The main premise of Mogusa-san Fights Against Appetite is that Mogusa, whose appetite is virtually endless, is trying to transition into a more normal eating schedule. Where once she could be found snacking throughout the entire day, now she wants to limit herself to “only” three meals—albeit, every individual meal is itself more like three meals to the average person. Part of the comedy of this series is that, inevitably, Mogusa succumbs to her hunger pangs and has a rapturous encounter with whatever food’s in front of her. In the final volume of Mogusa-san Fights Against Appetite, however, this begins to increasingly weigh on her mind.

Seeing everyone, including her boyfriend Koguchi Torao, working hard to achieve their dreams and win their personal battles makes Mogusa very self-conscious about the fact that her own challenge—eating somewhat like a “normal” person—seems so frivolous compared to others’. But a trip back home and some advice from her mom helps Mogusa to see differently. She has matured, and in fact her gluttony has been of great benefit to her. She’s made great friends, met a wonderful boy who’s grown into a splendid man, and given her a wealth of experiences. Mogusa ultimately decides to embrace her food lust and aim to become a gourmet writer, sharing her passion for cuisines great and small with the world.

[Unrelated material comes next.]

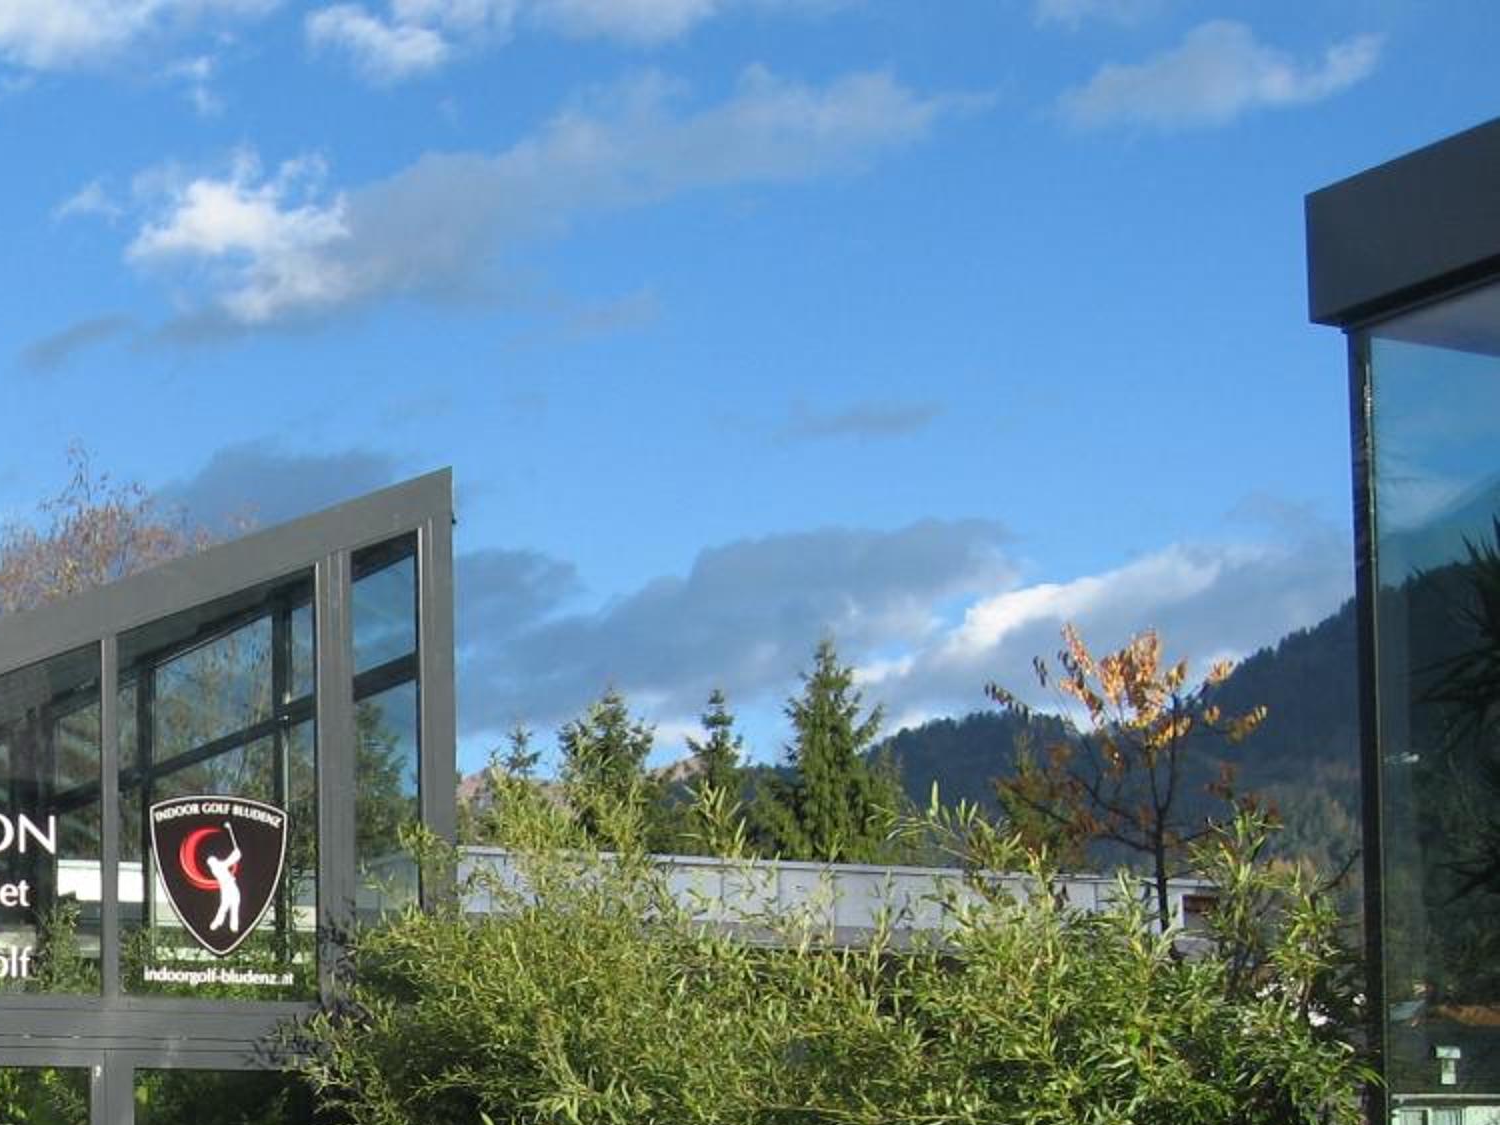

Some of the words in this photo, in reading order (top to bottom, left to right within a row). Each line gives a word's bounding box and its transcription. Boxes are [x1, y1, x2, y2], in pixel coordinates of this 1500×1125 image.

This conclusion resonates with me greatly, and not merely because I love to eat everything as well. When it comes to food shaming and body shaming, we live in a culture where outward physical appearance and behavior are often prioritized over one’s psychological well-being. The guilt Mogusa feels over eating is not uncommon, even if it’s exaggerated in her instance. Every so often, I see someone mention that a guy or a girl are disgustingly fat and that they need to get in shape, not taking into account the inner emotions of the person they’re speaking about. Some people are better off exercising and experiencing dramatic weight gain/loss because it can lead them to greater personal satisfaction and overall happiness. For others, however, the constant pressure to match a certain beauty standard means that being more physically fit can lead to mental turmoil. There’s no universal solution, even if at least some exercise is undoubtedly beneficial in e end.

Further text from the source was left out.